§ EXERCISE
Write out the entries verbatim and leave the images out of the copy.

BEGIN DATA PROVIDED

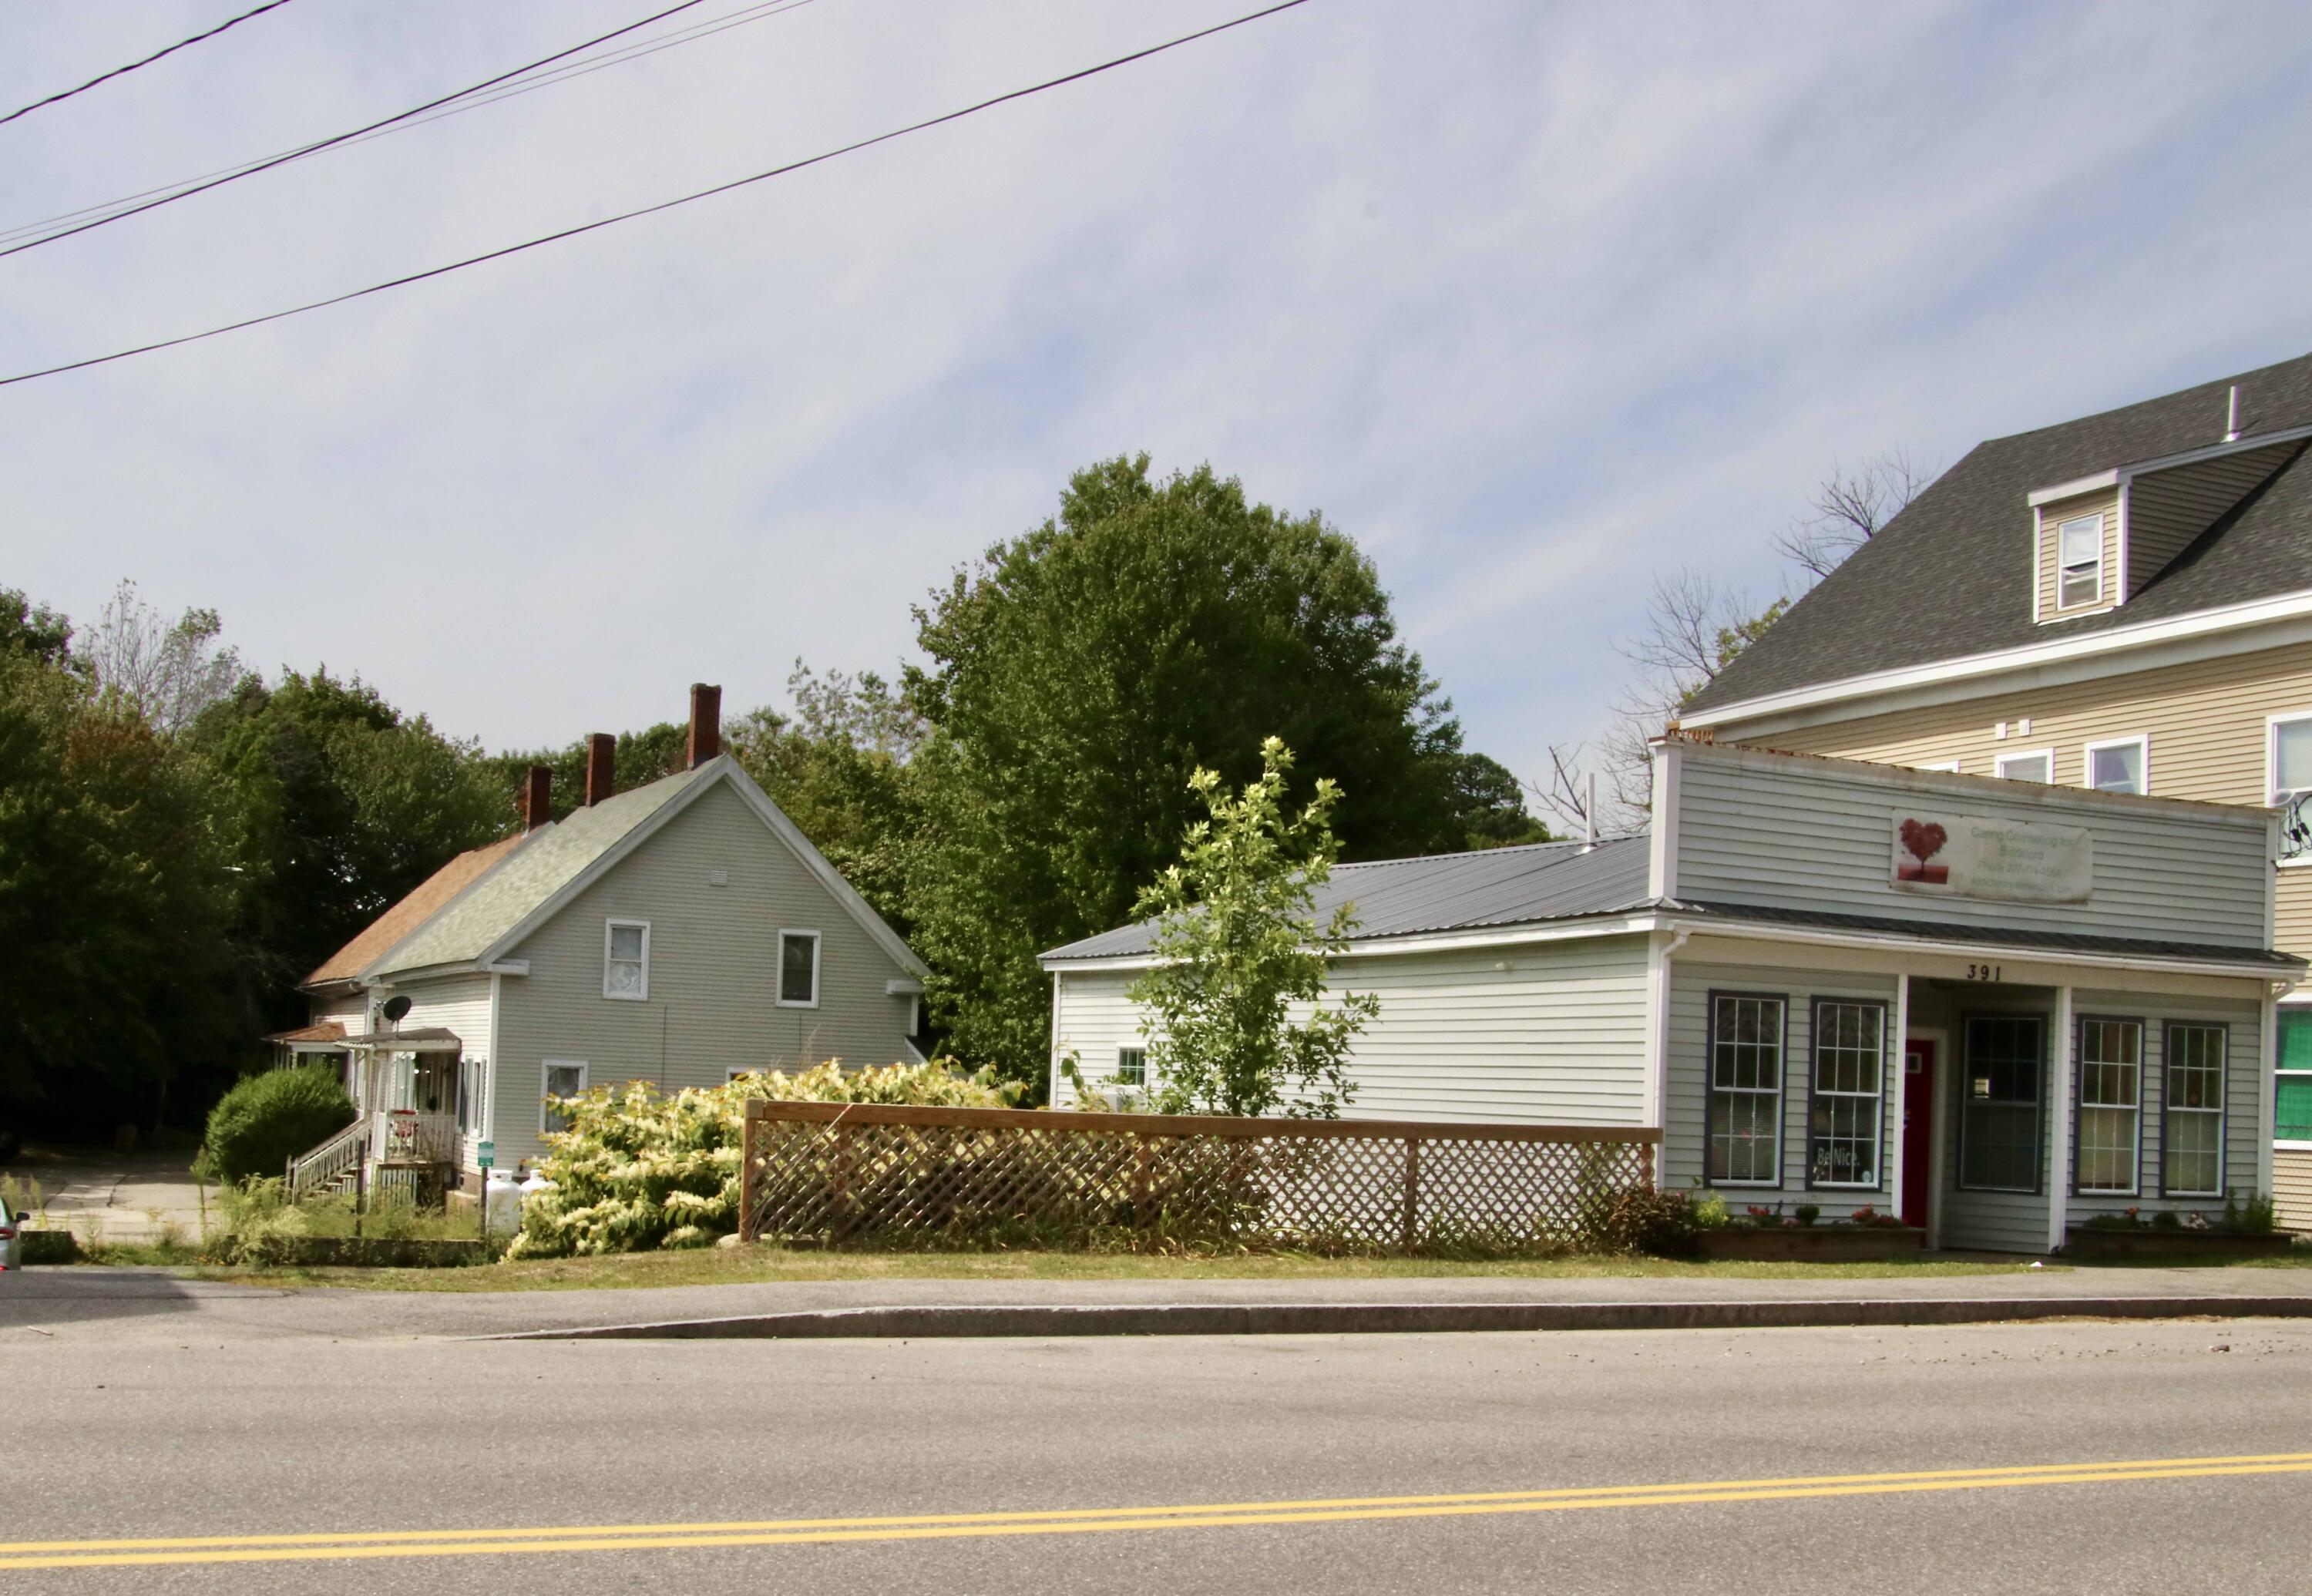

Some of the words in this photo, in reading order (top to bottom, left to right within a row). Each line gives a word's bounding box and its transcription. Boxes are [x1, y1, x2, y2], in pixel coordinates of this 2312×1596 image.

[1971, 826, 2003, 843] Caring
[1967, 964, 2001, 981] 391
[1817, 1147, 1831, 1166] Be
[1834, 1147, 1860, 1166] Nice.
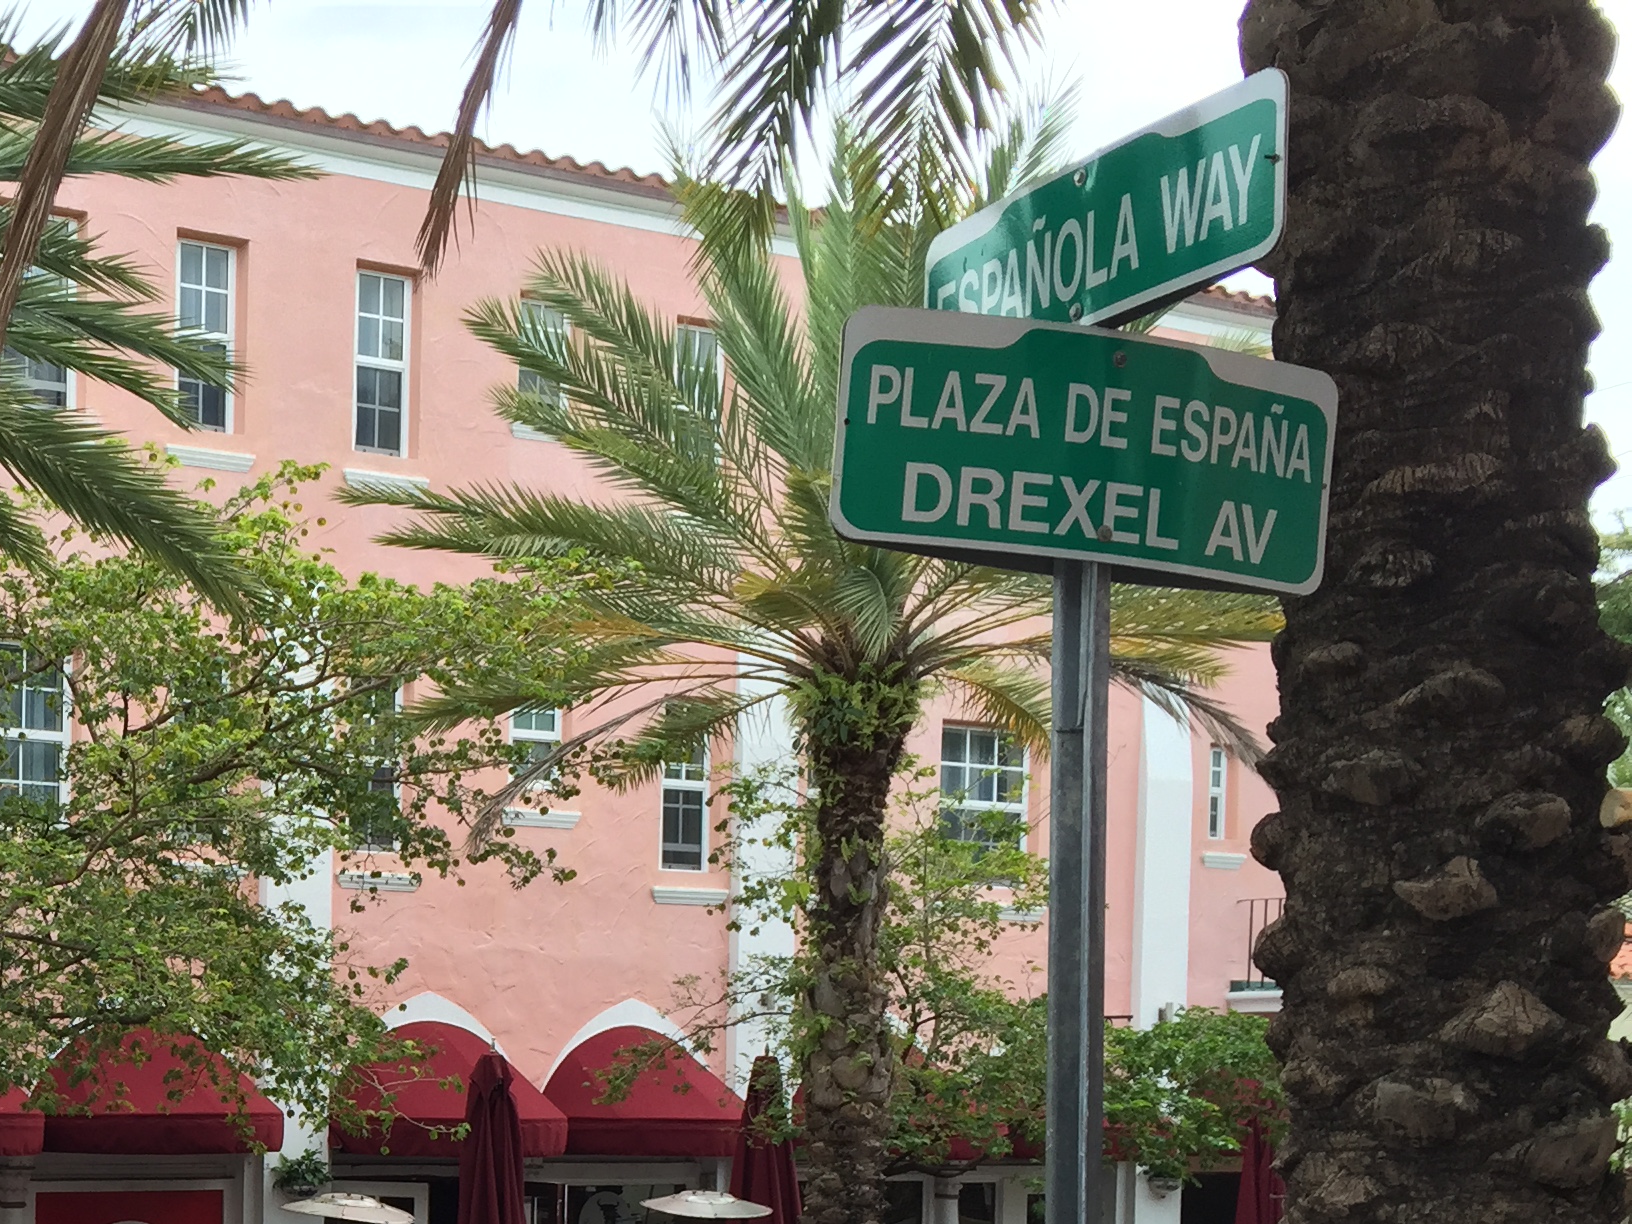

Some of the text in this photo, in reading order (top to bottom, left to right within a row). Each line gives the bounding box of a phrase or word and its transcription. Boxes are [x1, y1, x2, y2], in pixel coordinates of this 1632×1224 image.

END DATA PROVIDED

§ COMPLETED EXERCISE
Some of the words in this photo, in reading order (top to bottom, left to right within a row). Each line gives a word's bounding box and its transcription. Boxes are [x1, y1, x2, y2], in pixel coordinates of this 2312×1596 image.

[1971, 826, 2003, 843] Caring
[1967, 964, 2001, 981] 391
[1817, 1147, 1831, 1166] Be
[1834, 1147, 1860, 1166] Nice.

Some of the text in this photo, in reading order (top to bottom, left to right within a row). Each line gives the bounding box of a phrase or word and its transcription. Boxes are [x1, y1, x2, y2], in pixel coordinates of this 1632×1224 image.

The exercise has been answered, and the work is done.